» **The task**: Each line from the one containing "this 2048×1365 image." through the last line of the records below is to be set down exactly; the rest stays out.
--- Study material Enclosed Below ---
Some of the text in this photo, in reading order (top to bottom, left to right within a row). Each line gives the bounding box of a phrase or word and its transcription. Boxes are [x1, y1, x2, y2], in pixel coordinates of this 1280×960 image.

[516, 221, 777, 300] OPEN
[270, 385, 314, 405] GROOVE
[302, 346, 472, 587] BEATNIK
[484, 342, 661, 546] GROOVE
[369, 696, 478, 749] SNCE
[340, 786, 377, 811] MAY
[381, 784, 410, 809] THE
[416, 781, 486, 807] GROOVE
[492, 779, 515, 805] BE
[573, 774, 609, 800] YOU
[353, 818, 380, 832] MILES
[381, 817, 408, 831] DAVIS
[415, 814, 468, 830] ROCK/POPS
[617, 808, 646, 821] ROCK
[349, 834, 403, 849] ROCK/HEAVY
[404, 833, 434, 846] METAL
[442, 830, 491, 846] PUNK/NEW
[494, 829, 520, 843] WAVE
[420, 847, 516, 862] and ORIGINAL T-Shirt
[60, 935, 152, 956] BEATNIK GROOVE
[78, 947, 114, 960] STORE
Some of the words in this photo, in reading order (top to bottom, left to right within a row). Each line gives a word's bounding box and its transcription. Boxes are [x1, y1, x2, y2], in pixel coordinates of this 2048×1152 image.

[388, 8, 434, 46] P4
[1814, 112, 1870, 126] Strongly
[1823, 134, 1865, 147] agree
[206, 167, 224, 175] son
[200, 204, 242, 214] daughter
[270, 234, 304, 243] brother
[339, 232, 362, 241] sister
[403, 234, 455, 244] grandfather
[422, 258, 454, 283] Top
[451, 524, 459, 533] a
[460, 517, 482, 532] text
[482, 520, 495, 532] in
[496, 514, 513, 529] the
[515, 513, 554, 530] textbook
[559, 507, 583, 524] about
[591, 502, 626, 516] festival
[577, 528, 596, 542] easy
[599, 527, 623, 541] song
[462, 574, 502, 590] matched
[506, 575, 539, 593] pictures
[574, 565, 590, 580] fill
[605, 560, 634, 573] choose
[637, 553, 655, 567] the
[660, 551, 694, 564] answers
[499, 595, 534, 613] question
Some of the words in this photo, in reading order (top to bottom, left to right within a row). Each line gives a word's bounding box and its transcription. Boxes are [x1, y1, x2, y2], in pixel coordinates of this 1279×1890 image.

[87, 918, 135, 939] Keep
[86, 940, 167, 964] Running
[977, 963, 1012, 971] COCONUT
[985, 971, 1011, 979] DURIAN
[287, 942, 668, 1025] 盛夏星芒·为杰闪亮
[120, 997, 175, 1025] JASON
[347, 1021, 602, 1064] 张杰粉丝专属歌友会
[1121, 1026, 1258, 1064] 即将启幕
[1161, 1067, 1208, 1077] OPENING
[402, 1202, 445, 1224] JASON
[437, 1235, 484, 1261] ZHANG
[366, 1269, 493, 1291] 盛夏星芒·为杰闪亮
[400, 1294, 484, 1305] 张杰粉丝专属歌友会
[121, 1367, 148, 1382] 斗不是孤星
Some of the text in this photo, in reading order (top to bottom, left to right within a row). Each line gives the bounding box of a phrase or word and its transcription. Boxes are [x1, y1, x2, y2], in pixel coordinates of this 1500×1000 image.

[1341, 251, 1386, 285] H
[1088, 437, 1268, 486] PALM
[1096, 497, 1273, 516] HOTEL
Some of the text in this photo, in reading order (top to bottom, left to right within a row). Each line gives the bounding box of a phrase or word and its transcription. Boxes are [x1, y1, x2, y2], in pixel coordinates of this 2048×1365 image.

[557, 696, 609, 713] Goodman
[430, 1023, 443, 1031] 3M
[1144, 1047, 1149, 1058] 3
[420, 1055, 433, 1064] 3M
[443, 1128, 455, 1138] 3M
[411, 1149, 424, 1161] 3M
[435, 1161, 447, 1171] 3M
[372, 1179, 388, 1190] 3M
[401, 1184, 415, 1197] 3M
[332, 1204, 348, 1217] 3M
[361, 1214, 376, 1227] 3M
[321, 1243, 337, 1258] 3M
--- End of Enclosed Study material ---
» **Response to this exercise**:
Some of the text in this photo, in reading order (top to bottom, left to right within a row). Each line gives the bounding box of a phrase or word and its transcription. Boxes are [x1, y1, x2, y2], in pixel coordinates of this 2048×1365 image.

[557, 696, 609, 713] Goodman
[430, 1023, 443, 1031] 3M
[1144, 1047, 1149, 1058] 3
[420, 1055, 433, 1064] 3M
[443, 1128, 455, 1138] 3M
[411, 1149, 424, 1161] 3M
[435, 1161, 447, 1171] 3M
[372, 1179, 388, 1190] 3M
[401, 1184, 415, 1197] 3M
[332, 1204, 348, 1217] 3M
[361, 1214, 376, 1227] 3M
[321, 1243, 337, 1258] 3M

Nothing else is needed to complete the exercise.